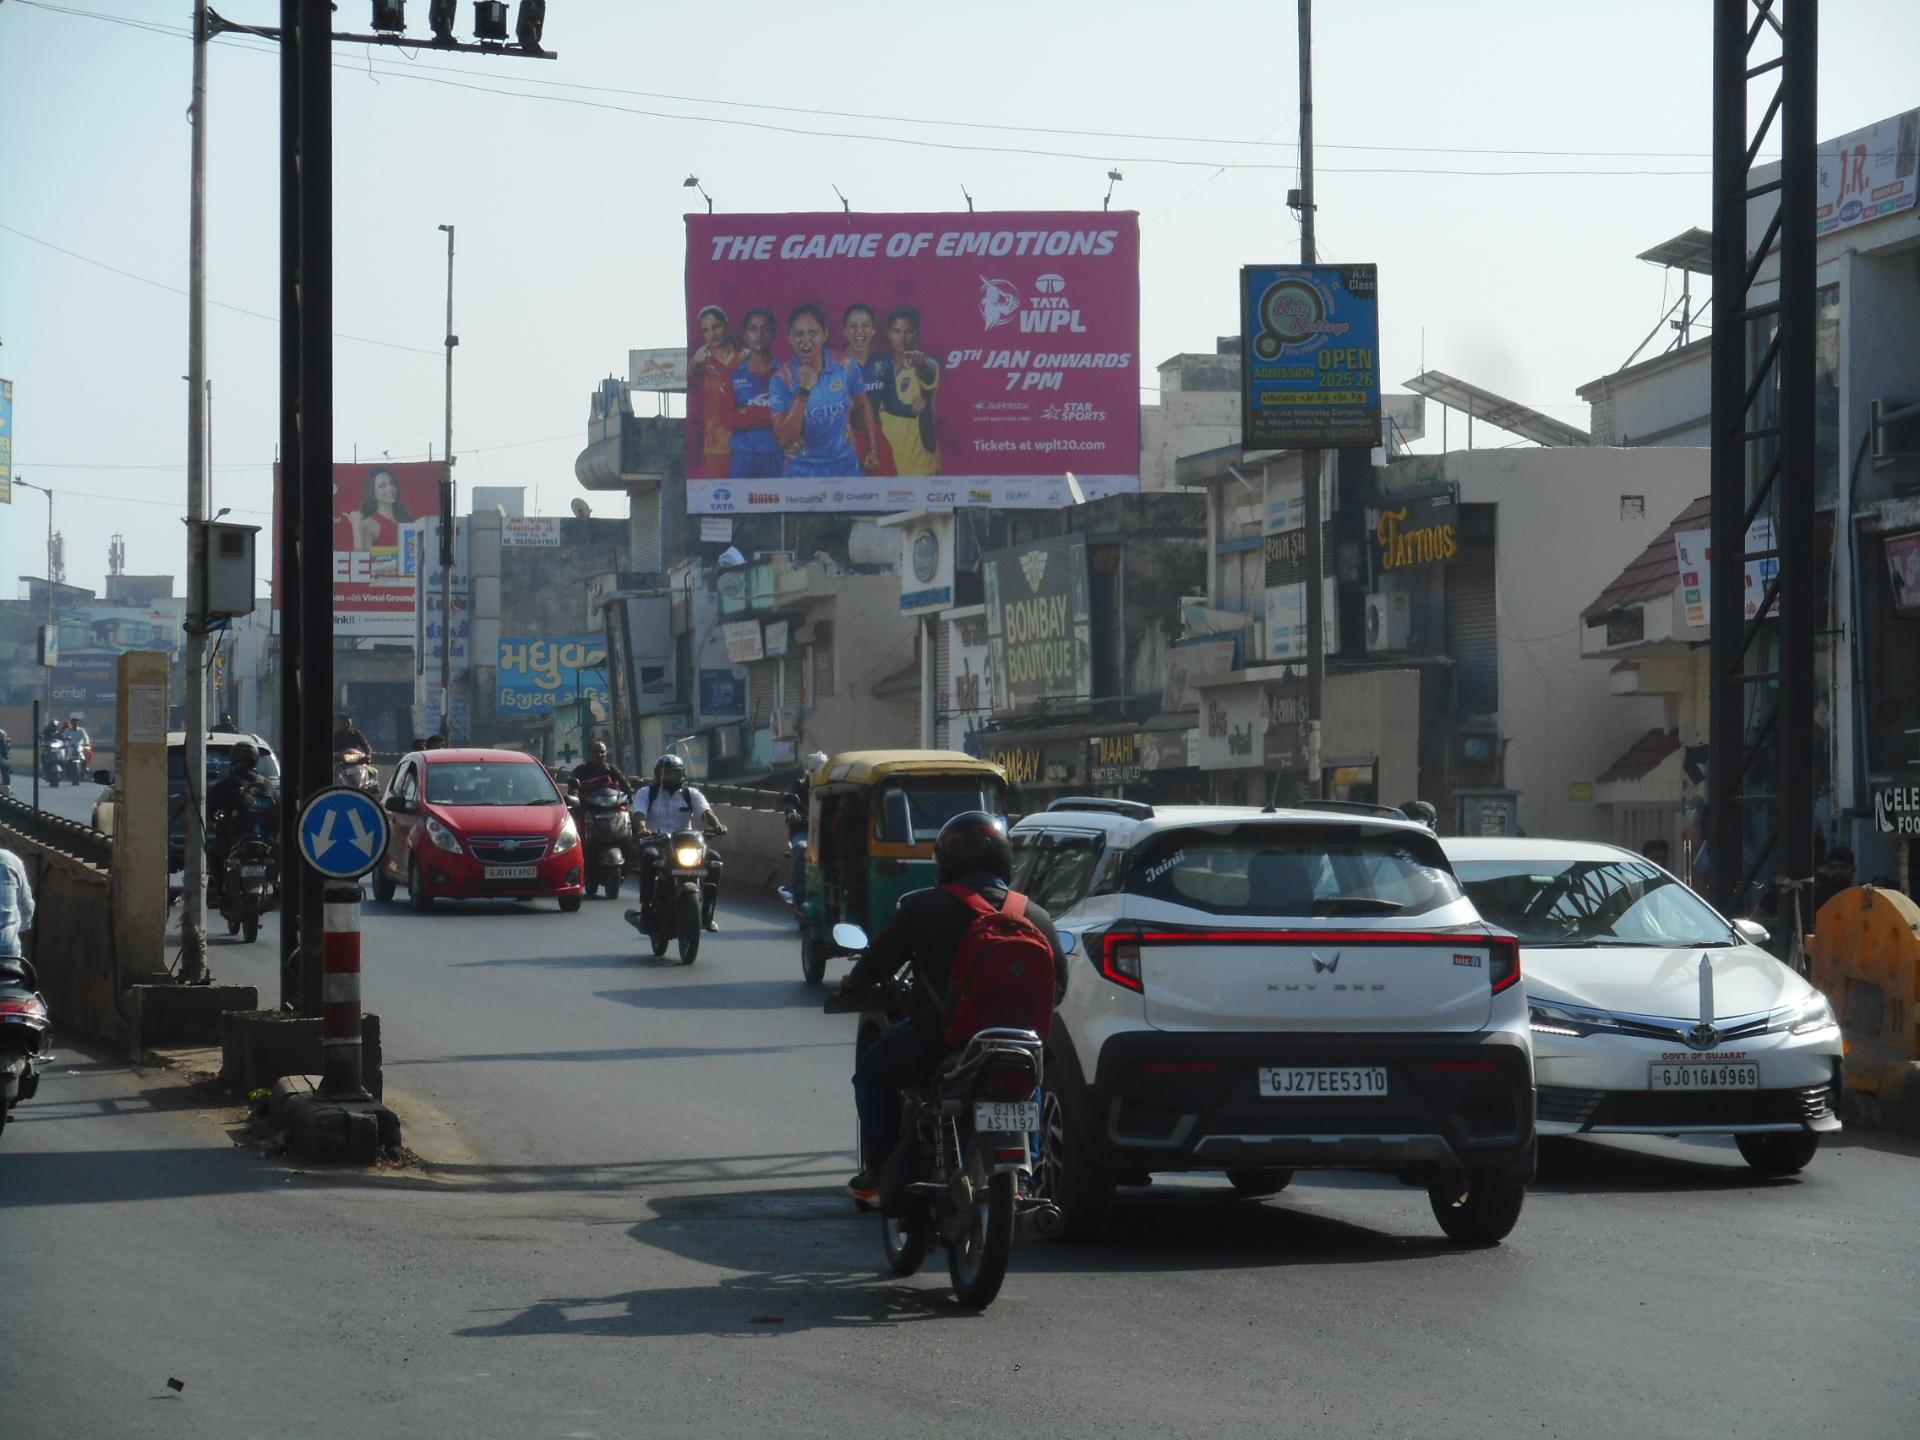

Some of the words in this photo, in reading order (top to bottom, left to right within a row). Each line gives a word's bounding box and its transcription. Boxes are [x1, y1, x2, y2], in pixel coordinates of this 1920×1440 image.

[711, 235, 777, 261] THE
[780, 233, 882, 260] GAME
[885, 232, 934, 258] OF
[935, 230, 1119, 257] EMOTIONS
[1349, 280, 1375, 290] Class
[1030, 297, 1070, 309] TATA
[1020, 309, 1087, 333] WPL
[945, 349, 983, 369] 9TH
[983, 350, 1031, 369] JAN
[1033, 353, 1132, 369] ONWARDS
[1318, 349, 1373, 370] OPEN
[1254, 367, 1315, 378] ADMISSION
[1319, 372, 1374, 387] 2025-26
[1005, 372, 1021, 390] 7
[1021, 372, 1063, 390] PM
[1063, 402, 1093, 412] STAR
[1061, 411, 1106, 422] SPORTS
[974, 440, 1017, 451] Tickets
[1019, 441, 1032, 451] at
[1034, 440, 1105, 453] wplt20.com
[846, 492, 879, 500] ChatGPT
[926, 492, 956, 503] CEAT
[710, 503, 734, 511] TATA
[1005, 594, 1067, 644] BOMBAY
[1007, 640, 1072, 686] BOUTIQUE
[1099, 736, 1135, 763] MAAHI
[1884, 787, 1920, 812] CELE
[1898, 816, 1920, 834] FOO
[1266, 983, 1317, 991] XUV
[1662, 1052, 1688, 1061] GOVT.
[1691, 1052, 1702, 1060] OF
[1705, 1052, 1746, 1060] GUJARAT
[1271, 1072, 1385, 1091] GJ27EE5310
[1663, 1069, 1755, 1086] GJ01GA9969
[994, 1104, 1026, 1117] GJ18
[987, 1117, 1034, 1130] AS1197
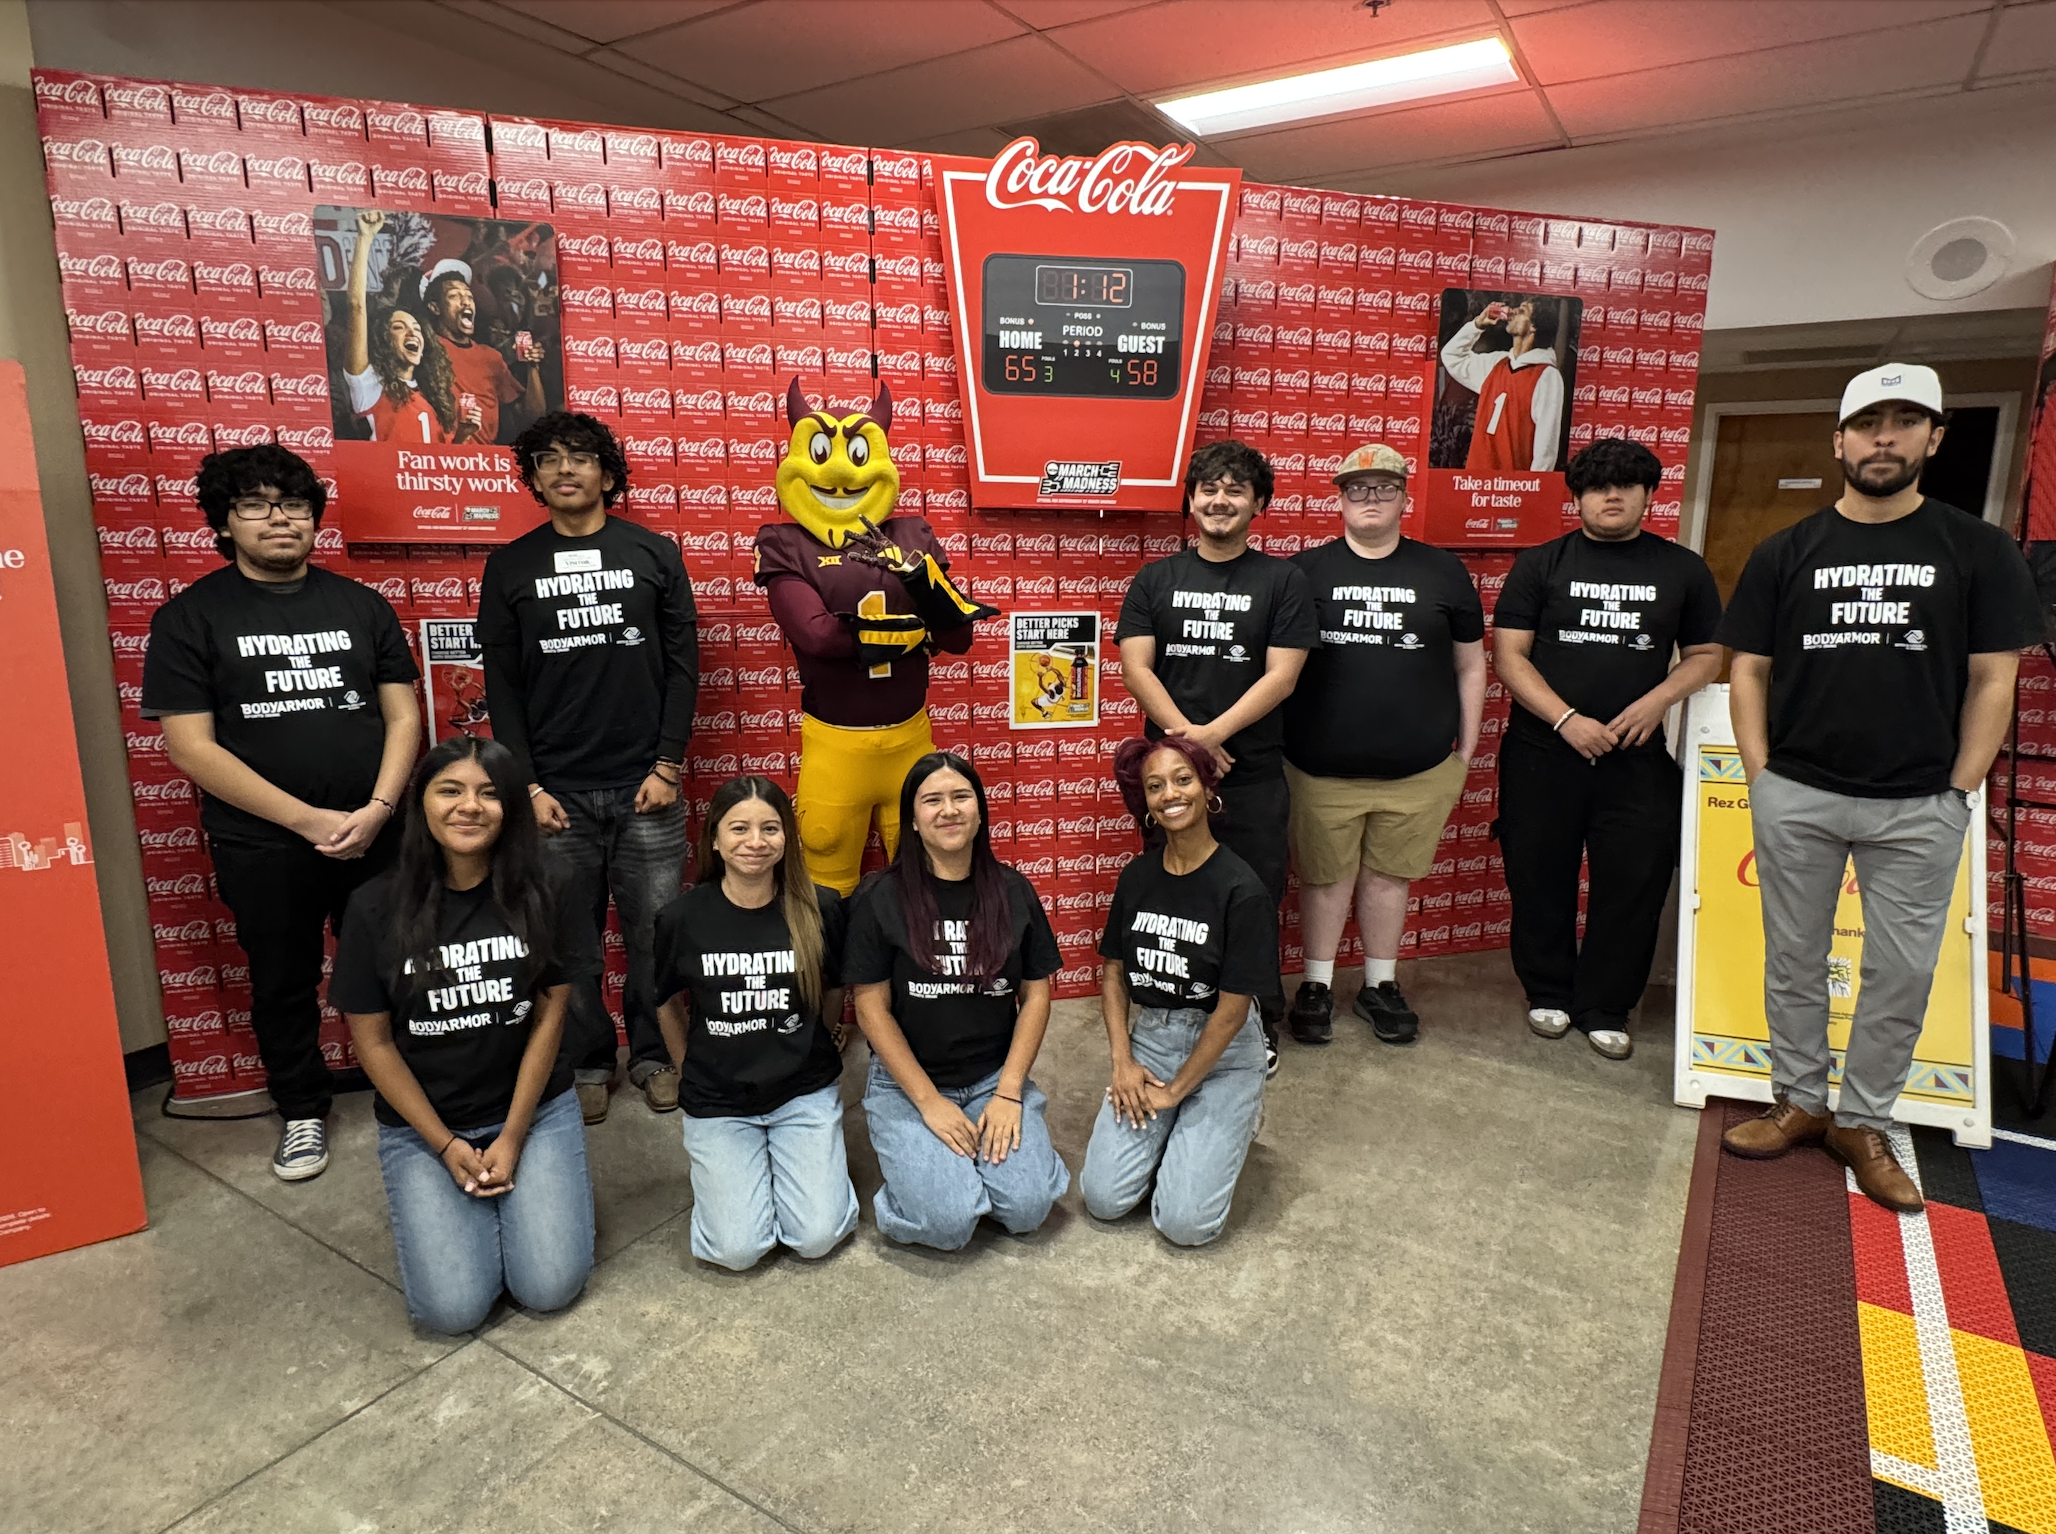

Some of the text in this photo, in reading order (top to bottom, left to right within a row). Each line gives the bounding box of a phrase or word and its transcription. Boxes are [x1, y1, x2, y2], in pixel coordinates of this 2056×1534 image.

[985, 140, 1194, 216] Coca-Cola
[1072, 273, 1127, 303] 1:12
[999, 316, 1025, 326] BONUS
[1074, 312, 1093, 320] POSS
[1062, 325, 1103, 337] PERIOD
[1140, 321, 1167, 331] BONUS
[999, 330, 1043, 350] HOME
[1117, 334, 1166, 354] GUEST
[1063, 349, 1068, 357] 1
[1096, 350, 1102, 358] 4
[1005, 355, 1037, 382] 65
[1044, 365, 1054, 383] 3
[1109, 369, 1121, 384] 4
[1127, 359, 1158, 386] 58
[1486, 392, 1508, 435] 1
[417, 412, 431, 443] 1
[397, 451, 511, 473] Fan work is
[1058, 464, 1100, 477] MARCH
[396, 472, 519, 496] thirsty work
[1063, 477, 1118, 490] MADNESS
[1452, 475, 1540, 492] Take a timeout
[1471, 493, 1522, 508] for taste
[535, 569, 635, 599] HYDRATING
[1813, 563, 1937, 590] HYDRATING
[577, 592, 599, 606] THE
[1172, 590, 1252, 612] HYDRATING
[1332, 585, 1416, 604] HYDRATING
[1569, 581, 1657, 602] HYDRATING
[1860, 587, 1885, 601] THE
[1203, 609, 1221, 621] THE
[1365, 601, 1383, 612] THE
[1602, 600, 1621, 612] THE
[1831, 601, 1911, 625] FUTURE
[556, 603, 625, 631] FUTURE
[1016, 617, 1080, 629] BETTER PICKS
[1342, 608, 1403, 631] FUTURE
[1580, 608, 1641, 630] FUTURE
[429, 624, 474, 637] BETTER
[1016, 629, 1070, 640] START HERE
[1182, 619, 1235, 641] FUTURE
[1320, 630, 1383, 645] BODYARMOR
[1558, 629, 1620, 645] BODYARMOR
[1802, 631, 1881, 646] BODYARMOR
[237, 629, 352, 657] HYDRATING
[430, 637, 468, 650] START
[538, 632, 607, 651] BODYARMOR
[1165, 643, 1216, 656] BODYARMOR
[288, 655, 313, 669] THE
[264, 665, 344, 693] FUTURE
[240, 697, 326, 716] BODYARMOR
[1707, 796, 1735, 809] Rez
[1131, 911, 1210, 945] HYDRATING
[1158, 936, 1177, 952] THE
[701, 950, 796, 977] HYDRATIN
[1136, 946, 1191, 979] FUTURE
[455, 965, 483, 983] THE
[744, 975, 767, 990] THE
[427, 977, 514, 1013] FUTURE
[908, 980, 975, 995] BODYARMOR
[720, 988, 791, 1014] FUTURE
[408, 1012, 492, 1034] BODYARMOR
[706, 1016, 768, 1036] ODYARMOR

• [Required action]
Copy each record exactly. Leave any images out of the copy.

• [Solved problem]
Some of the words in this photo, in reading order (top to bottom, left to right within a row). Each line gives a word's bounding box and its transcription. Boxes are [x1, y1, x2, y2], in pixel coordinates of this 1920×1440 image.

[711, 235, 777, 261] THE
[780, 233, 882, 260] GAME
[885, 232, 934, 258] OF
[935, 230, 1119, 257] EMOTIONS
[1349, 280, 1375, 290] Class
[1030, 297, 1070, 309] TATA
[1020, 309, 1087, 333] WPL
[945, 349, 983, 369] 9TH
[983, 350, 1031, 369] JAN
[1033, 353, 1132, 369] ONWARDS
[1318, 349, 1373, 370] OPEN
[1254, 367, 1315, 378] ADMISSION
[1319, 372, 1374, 387] 2025-26
[1005, 372, 1021, 390] 7
[1021, 372, 1063, 390] PM
[1063, 402, 1093, 412] STAR
[1061, 411, 1106, 422] SPORTS
[974, 440, 1017, 451] Tickets
[1019, 441, 1032, 451] at
[1034, 440, 1105, 453] wplt20.com
[846, 492, 879, 500] ChatGPT
[926, 492, 956, 503] CEAT
[710, 503, 734, 511] TATA
[1005, 594, 1067, 644] BOMBAY
[1007, 640, 1072, 686] BOUTIQUE
[1099, 736, 1135, 763] MAAHI
[1884, 787, 1920, 812] CELE
[1898, 816, 1920, 834] FOO
[1266, 983, 1317, 991] XUV
[1662, 1052, 1688, 1061] GOVT.
[1691, 1052, 1702, 1060] OF
[1705, 1052, 1746, 1060] GUJARAT
[1271, 1072, 1385, 1091] GJ27EE5310
[1663, 1069, 1755, 1086] GJ01GA9969
[994, 1104, 1026, 1117] GJ18
[987, 1117, 1034, 1130] AS1197

Some of the text in this photo, in reading order (top to bottom, left to right within a row). Each line gives the bounding box of a phrase or word and its transcription. Boxes are [x1, y1, x2, y2], in pixel coordinates of this 2056×1534 image.

[985, 140, 1194, 216] Coca-Cola
[1072, 273, 1127, 303] 1:12
[999, 316, 1025, 326] BONUS
[1074, 312, 1093, 320] POSS
[1062, 325, 1103, 337] PERIOD
[1140, 321, 1167, 331] BONUS
[999, 330, 1043, 350] HOME
[1117, 334, 1166, 354] GUEST
[1063, 349, 1068, 357] 1
[1096, 350, 1102, 358] 4
[1005, 355, 1037, 382] 65
[1044, 365, 1054, 383] 3
[1109, 369, 1121, 384] 4
[1127, 359, 1158, 386] 58
[1486, 392, 1508, 435] 1
[417, 412, 431, 443] 1
[397, 451, 511, 473] Fan work is
[1058, 464, 1100, 477] MARCH
[396, 472, 519, 496] thirsty work
[1063, 477, 1118, 490] MADNESS
[1452, 475, 1540, 492] Take a timeout
[1471, 493, 1522, 508] for taste
[535, 569, 635, 599] HYDRATING
[1813, 563, 1937, 590] HYDRATING
[577, 592, 599, 606] THE
[1172, 590, 1252, 612] HYDRATING
[1332, 585, 1416, 604] HYDRATING
[1569, 581, 1657, 602] HYDRATING
[1860, 587, 1885, 601] THE
[1203, 609, 1221, 621] THE
[1365, 601, 1383, 612] THE
[1602, 600, 1621, 612] THE
[1831, 601, 1911, 625] FUTURE
[556, 603, 625, 631] FUTURE
[1016, 617, 1080, 629] BETTER PICKS
[1342, 608, 1403, 631] FUTURE
[1580, 608, 1641, 630] FUTURE
[429, 624, 474, 637] BETTER
[1016, 629, 1070, 640] START HERE
[1182, 619, 1235, 641] FUTURE
[1320, 630, 1383, 645] BODYARMOR
[1558, 629, 1620, 645] BODYARMOR
[1802, 631, 1881, 646] BODYARMOR
[237, 629, 352, 657] HYDRATING
[430, 637, 468, 650] START
[538, 632, 607, 651] BODYARMOR
[1165, 643, 1216, 656] BODYARMOR
[288, 655, 313, 669] THE
[264, 665, 344, 693] FUTURE
[240, 697, 326, 716] BODYARMOR
[1707, 796, 1735, 809] Rez
[1131, 911, 1210, 945] HYDRATING
[1158, 936, 1177, 952] THE
[701, 950, 796, 977] HYDRATIN
[1136, 946, 1191, 979] FUTURE
[455, 965, 483, 983] THE
[744, 975, 767, 990] THE
[427, 977, 514, 1013] FUTURE
[908, 980, 975, 995] BODYARMOR
[720, 988, 791, 1014] FUTURE
[408, 1012, 492, 1034] BODYARMOR
[706, 1016, 768, 1036] ODYARMOR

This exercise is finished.